• Problem: Copy every entry below exactly as it appears, leaving out the images.

>>>>>

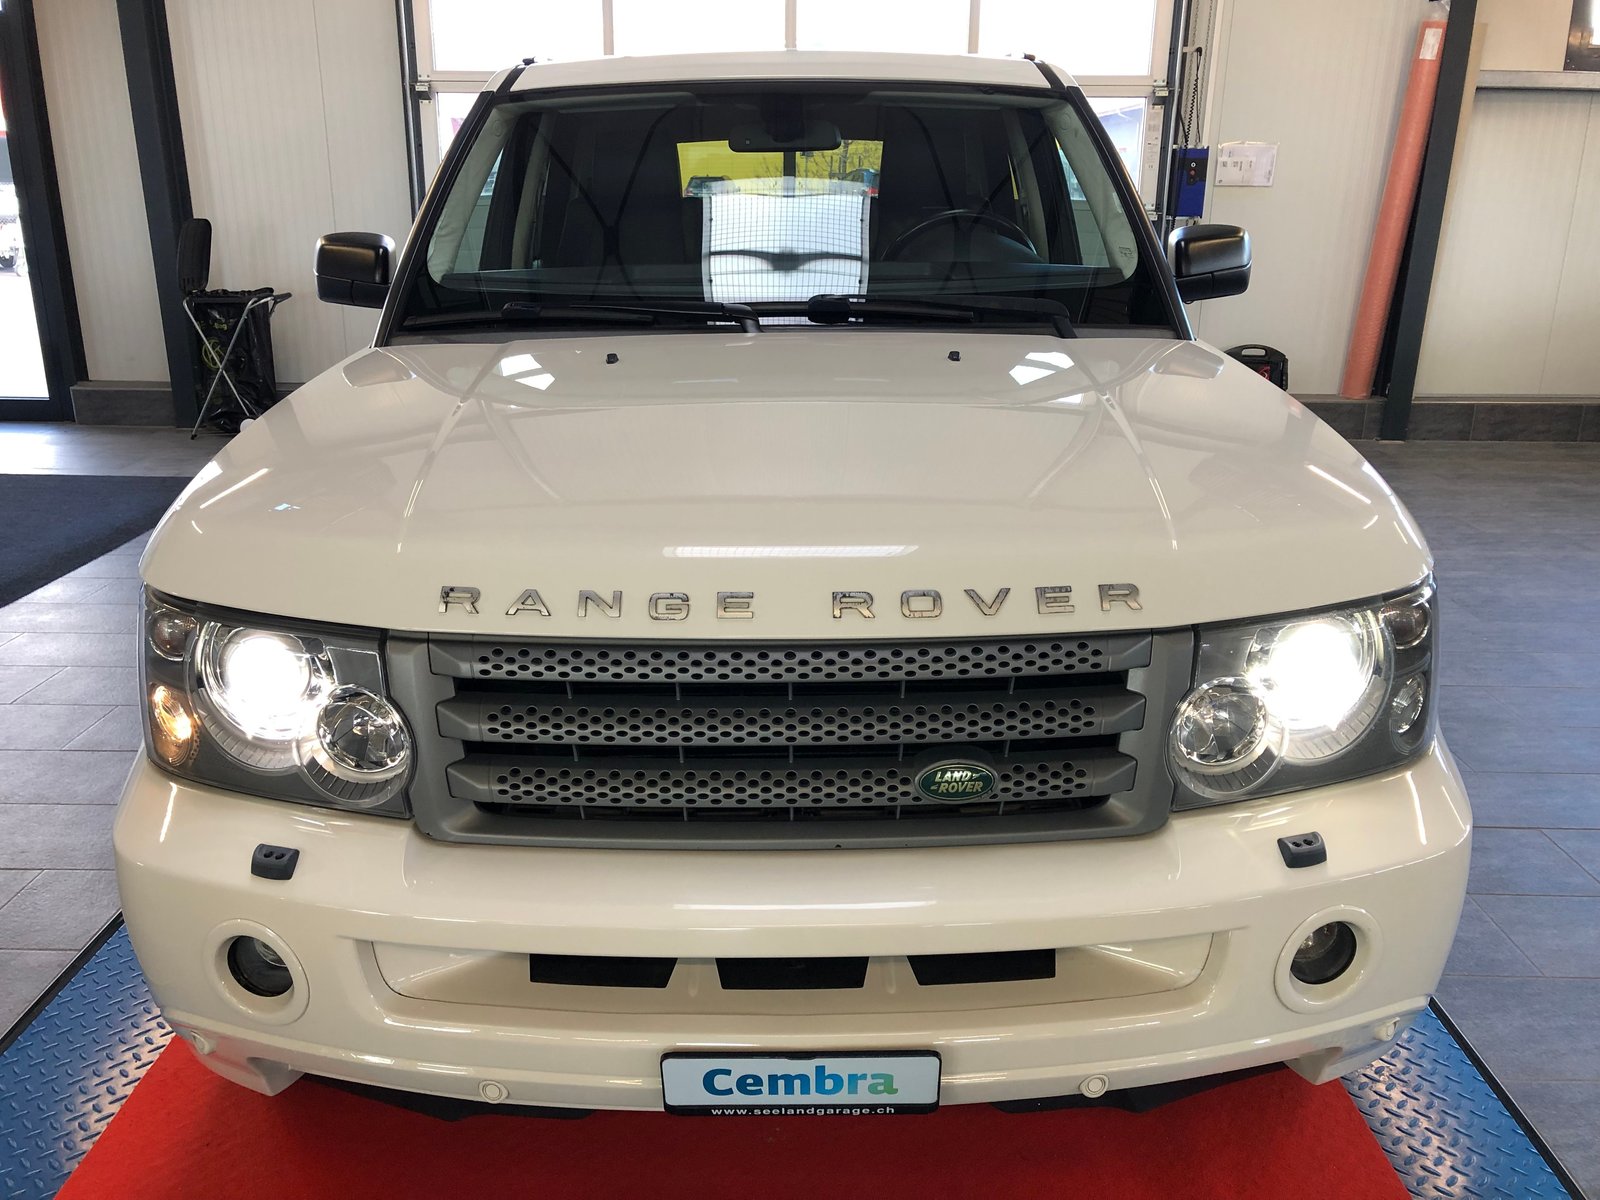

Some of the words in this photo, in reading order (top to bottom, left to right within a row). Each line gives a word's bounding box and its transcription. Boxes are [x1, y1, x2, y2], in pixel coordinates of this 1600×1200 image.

[438, 585, 755, 621] RANGE
[832, 583, 1143, 619] ROVER
[934, 770, 972, 782] LAND
[938, 781, 984, 793] ROVER
[702, 1065, 898, 1096] Cembra
[711, 1106, 895, 1116] www.seelandgarage.ch
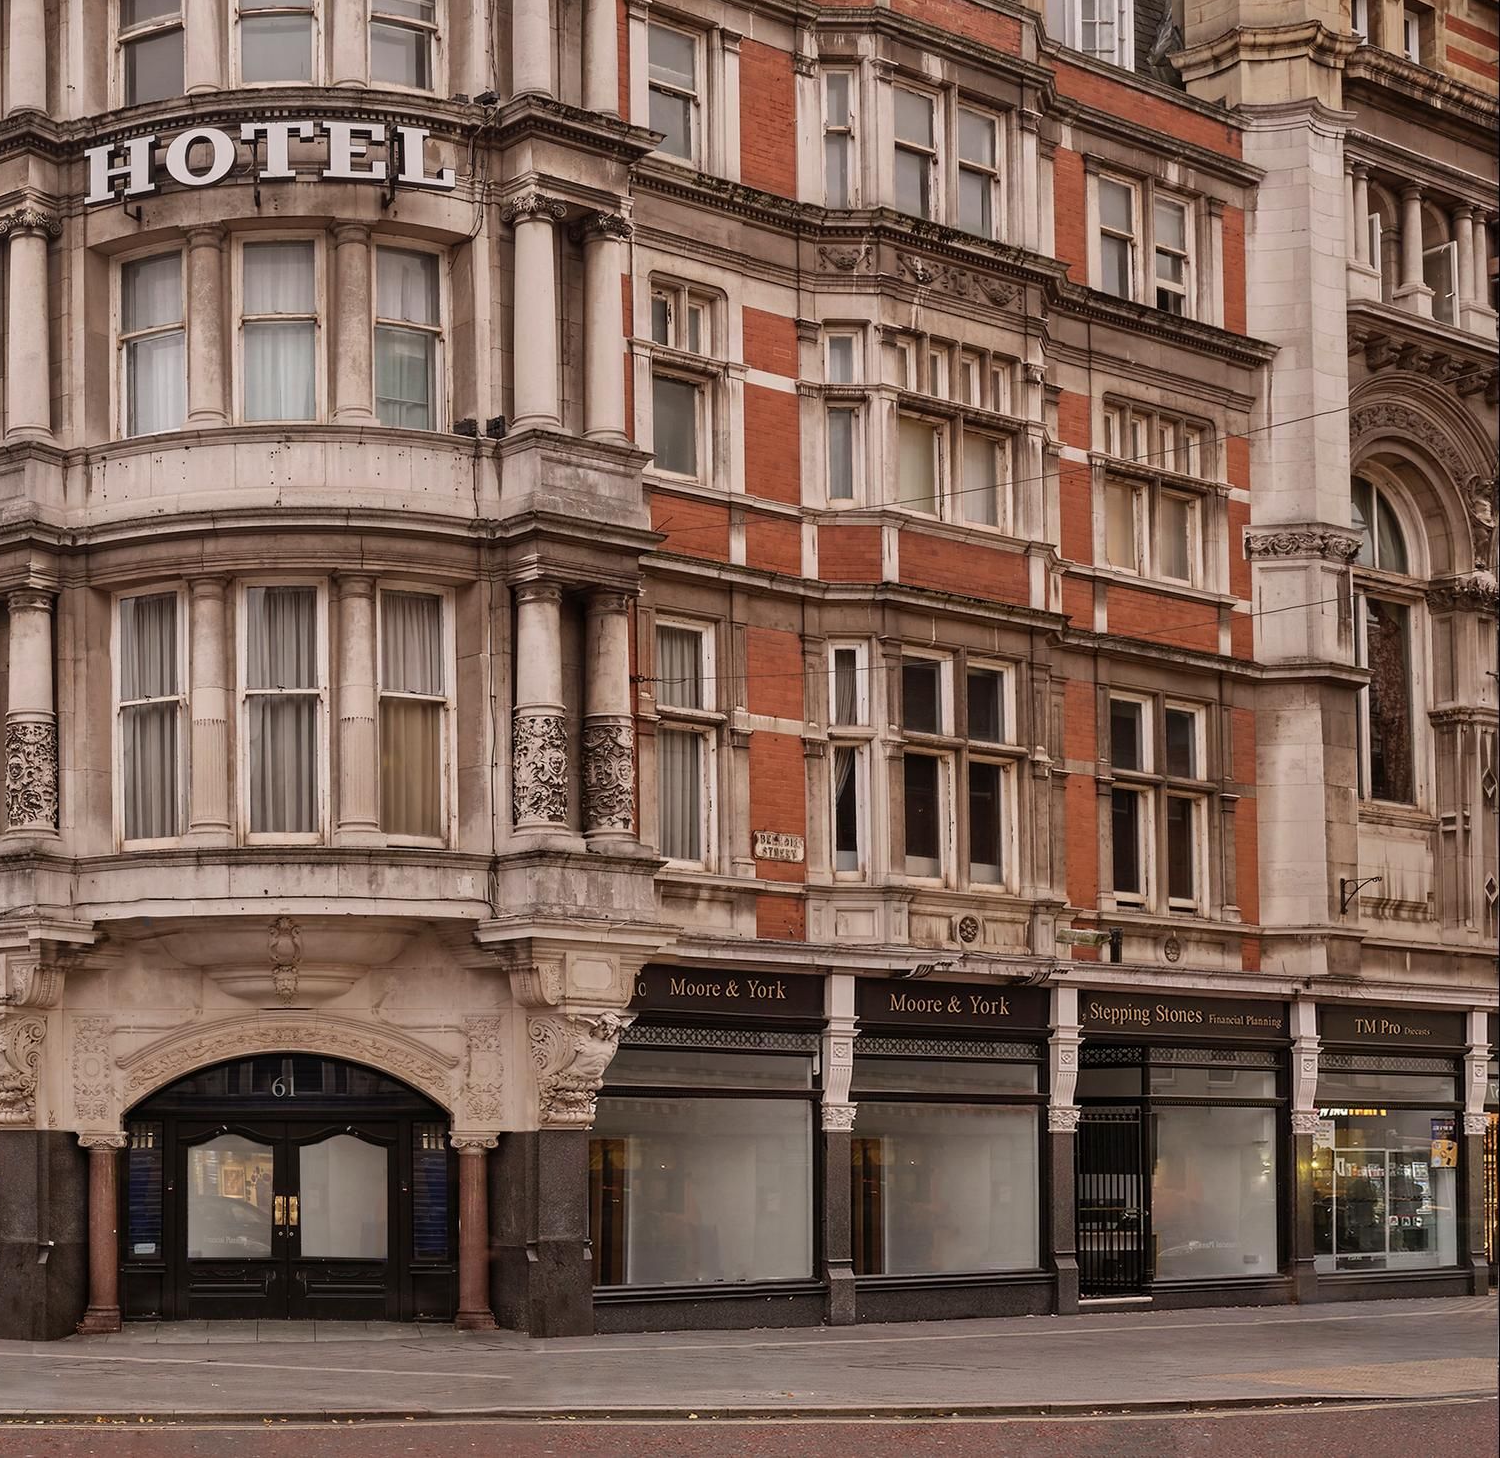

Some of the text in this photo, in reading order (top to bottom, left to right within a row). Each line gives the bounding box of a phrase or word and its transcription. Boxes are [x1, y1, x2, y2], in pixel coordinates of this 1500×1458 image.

<<<<<

• Output:
Some of the words in this photo, in reading order (top to bottom, left to right within a row). Each line gives a word's bounding box and its transcription. Boxes are [x1, y1, x2, y2], in pixel coordinates of this 1600×1200 image.

[438, 585, 755, 621] RANGE
[832, 583, 1143, 619] ROVER
[934, 770, 972, 782] LAND
[938, 781, 984, 793] ROVER
[702, 1065, 898, 1096] Cembra
[711, 1106, 895, 1116] www.seelandgarage.ch

Some of the text in this photo, in reading order (top to bottom, left to right within a row). Each line gives the bounding box of a phrase or word and its transcription. Boxes are [x1, y1, x2, y2], in pixel coordinates of this 1500×1458 image.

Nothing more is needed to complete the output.